Le secteur palestinien de la sécurité : renforcement de la répression étatique

Par Alaa Tartir, le 14 novembre 2021

En octobre 2021, l’Équipe de la société civile palestinienne pour l’amélioration de la transparence du budget public a révélé que le secteur de la sécurité de l’Autorité palestinienne (AP) continue à recevoir la part la plus importante du budget de l’Autorité palestinienne. Pendant la première moitié de 2021, plus de 50 millions de shekels israéliens (~ 16 millions de $) ont été dépensés en vue de la réforme des forces de sécurité de l’AP (FSAP). Les FSAP ont également reçu 1 675 millions de shekels (~ 538 millions de $) – plus de 22% du budget total de l’AP – dont 88% ont été affectés aux salaires ; cela représente un accroissement de 115 millions de shekels (~ 37 millions de $) en comparaison des six premiers mois de 2020.

Ces chiffres indiquent le grave écart entre les besoins du peuple palestinien et les priorités de l’AP. Tandis que les Palestiniens s’efforcent de mettre fin au cadre de sécurité oppressif imposé par les Accords d’Oslo, l’AP continue à investir sur les plans politique, financier et institutionnel dans le maintien du statu quo, renforçant le cadre de sécurité sous prétexte de stabilité et de construction d’un État.

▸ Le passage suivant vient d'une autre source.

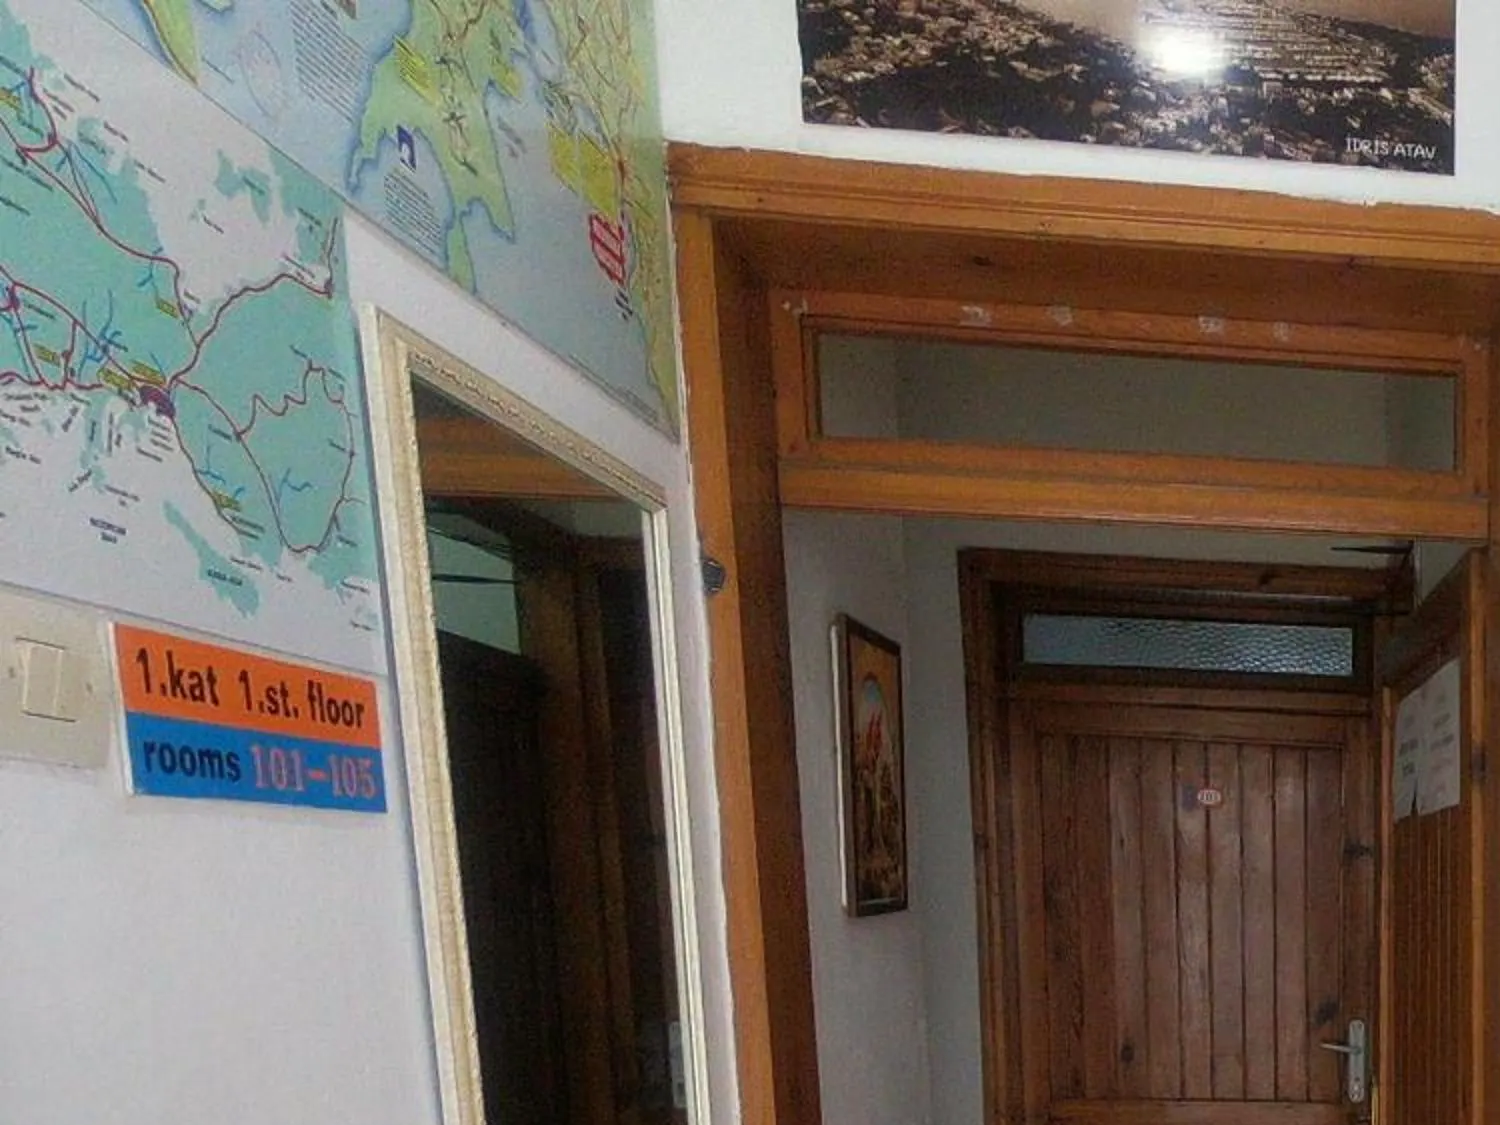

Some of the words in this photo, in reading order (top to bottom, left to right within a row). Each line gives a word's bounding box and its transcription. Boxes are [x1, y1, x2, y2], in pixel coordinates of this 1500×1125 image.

Au lieu d’un processus de démocratisation, d’inclusion et d’obligation de rendre des comptes, les processus de l’AP en vue de la réforme de la sécurité, bénéficiant d’un soutien international, qui ont été la cheville ouvrière du projet de construction d’un État entrepris par l’AP après 2007, ont débouché sur la répression, la persécution, et la professionnalisation de l’autoritarisme palestinien. L’autoritarisme structurel fait donc partie intégrale du système politique palestinien.

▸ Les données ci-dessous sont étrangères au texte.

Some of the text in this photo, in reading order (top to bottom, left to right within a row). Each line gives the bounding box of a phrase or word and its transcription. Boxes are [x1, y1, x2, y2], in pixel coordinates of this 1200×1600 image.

Répression et détérioration sociale

Après le meurtre du militant et critique de l’AP Nizar Banat en juin 2021, les FSAP ont réprimé des manifestations pacifiques en faisant usage d’une force illégale, ciblant des journalistes, des militants de la société civile et des avocats au moyen d’arrestations arbitraires et d’actes de torture. Le degré de répression observé au cours de l’été 2021 a été sans précédent, et sa complexité était manifeste : il indiquait la convergence constante des institutions juridiques, politiques, sécuritaires et économiques de l’AP. Cette apparition d’une convergence destinée à réprimer de manière plus efficace est une évolution préoccupante, et si elle n’est pas contrée par des mécanismes d’obligation de rendre des comptes gérés par le peuple, l’agression autoritariste s’intensifiera et la transition démocratique n’aura pas lieu. 

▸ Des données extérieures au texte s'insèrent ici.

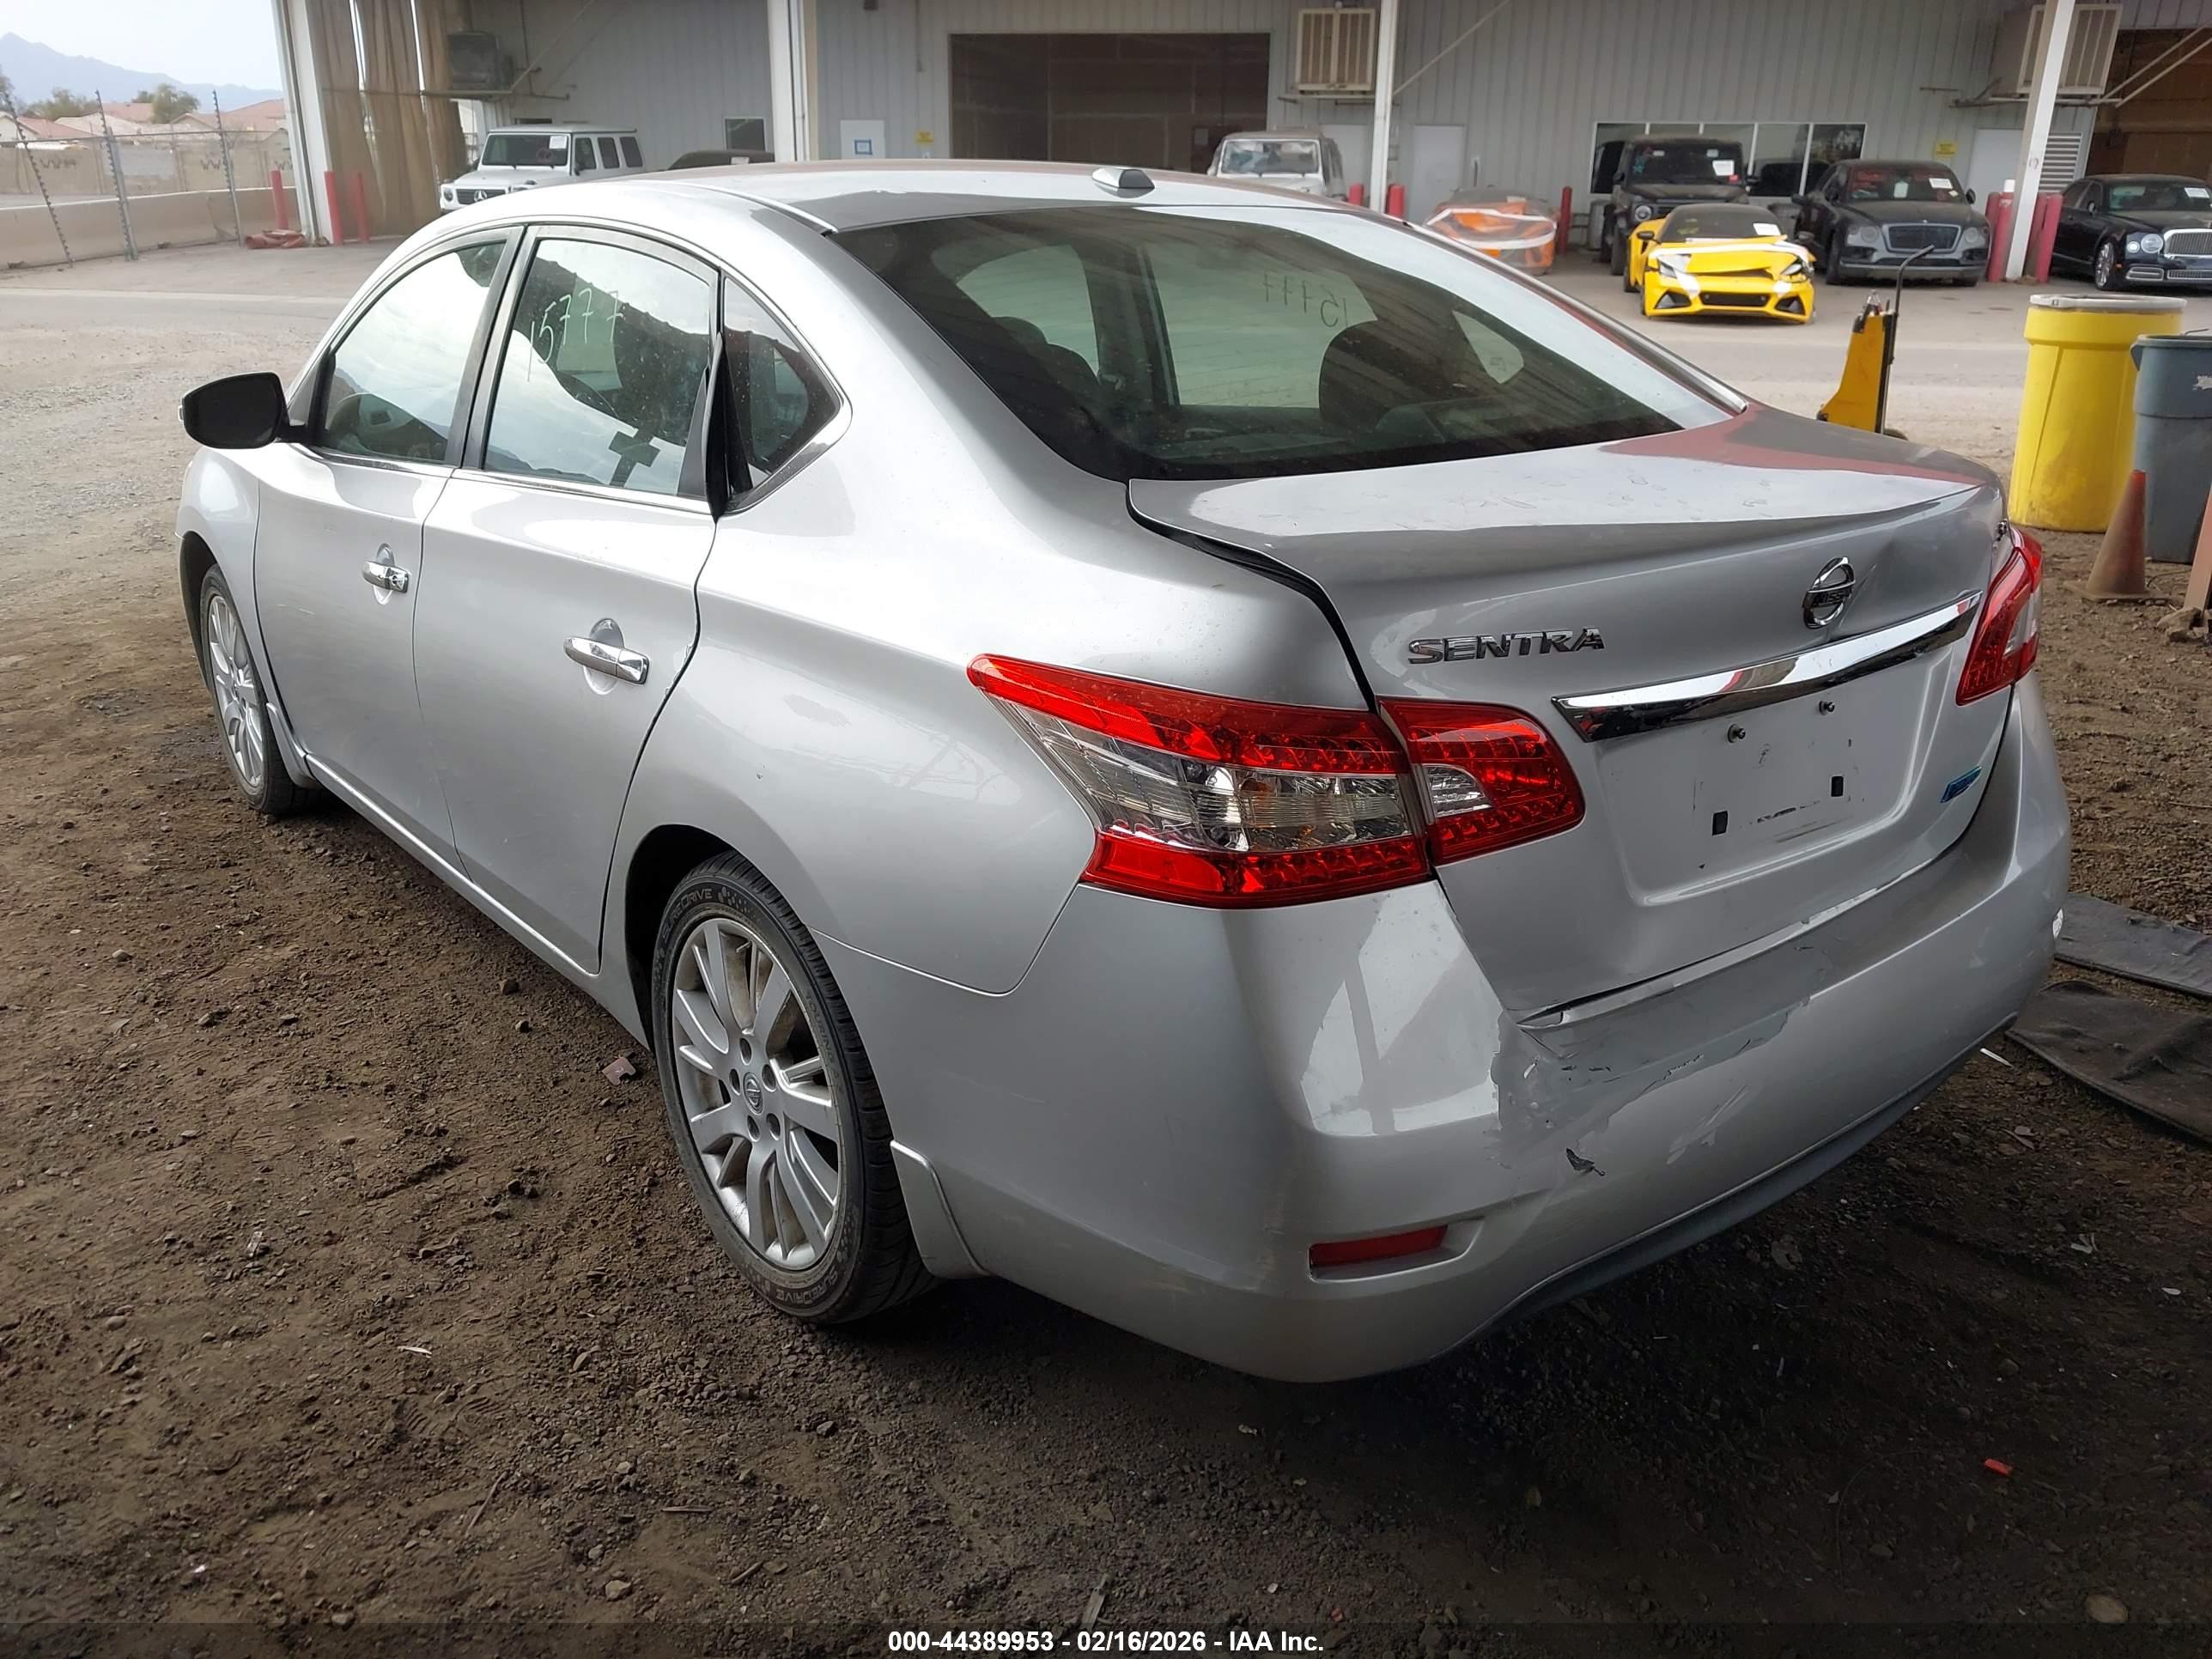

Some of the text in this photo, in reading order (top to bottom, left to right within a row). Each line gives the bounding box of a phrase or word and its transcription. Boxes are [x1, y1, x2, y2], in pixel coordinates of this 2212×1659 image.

[527, 288, 623, 382] 15777
[1408, 626, 1606, 665] SENTRA
[775, 1265, 839, 1305] SUREDRIVE

L’AP continue à avoir pour objectif clé de consolider le pouvoir dans le secteur de la sécurité. Le but des campagnes des FSAP en 2007 était de “nettoyer” la Cisjordanie des armes autres que celles de l’AP, de mener un processus de désarmement, d’arrêter ceux qui défieraient l’autorité de l’AP, et de faire savoir clairement aux Palestiniens que l’AP était l’unique pouvoir et structure de gouvernement. L’AP a donc adopté une “approche globale” pour confisquer les armes et a brouillé intentionnellement la distinction entre les “armes de l’anarchie” et celles de la “résistance armée”. Ainsi, les criminels et les combattants de la résistance étaient confondus et ciblés de la même façon. Un habitant du camp de réfugiés de Balata posait ainsi une question ironique : “Comment peut-on détenir un voleur dans la même cellule qu’un muqawim (combattant de la liberté) ?”

Les ramifications des processus de réforme du secteur de la sécurité (RSS) mettent longtemps à se manifester sur le plan social, et en Palestine, c’est maintenant qu’elles apparaissent clairement. Les campagnes de sécurité de 2007, appelées ironiquement “Sourire et Espérer,” et le processus de réforme qui a suivi et dure encore ont créé de profonds problèmes structurels et des défaillances qui n’ont fait que renforcer une culture de peur, jugulant et criminalisant la résistance, et qui ont accru la défiance des Palestiniens à l’égard de leurs dirigeants.

La torture et le meurtre des opposants politiques, l’arrestation arbitraire des critiques dans des conditions inhumaines, les niveaux accrus de surveillance, l’affaiblissement de la tolérance et de la pluralité, sont des ingrédients déterminants de la détérioration de la société palestinienne. La sécurisation plus poussée des espaces sociaux diminuera le pouvoir d’agir des Palestiniens, consolidera leur fragmentation, et affaiblira leur capacité à résister efficacement aux structures coloniales et oppressives.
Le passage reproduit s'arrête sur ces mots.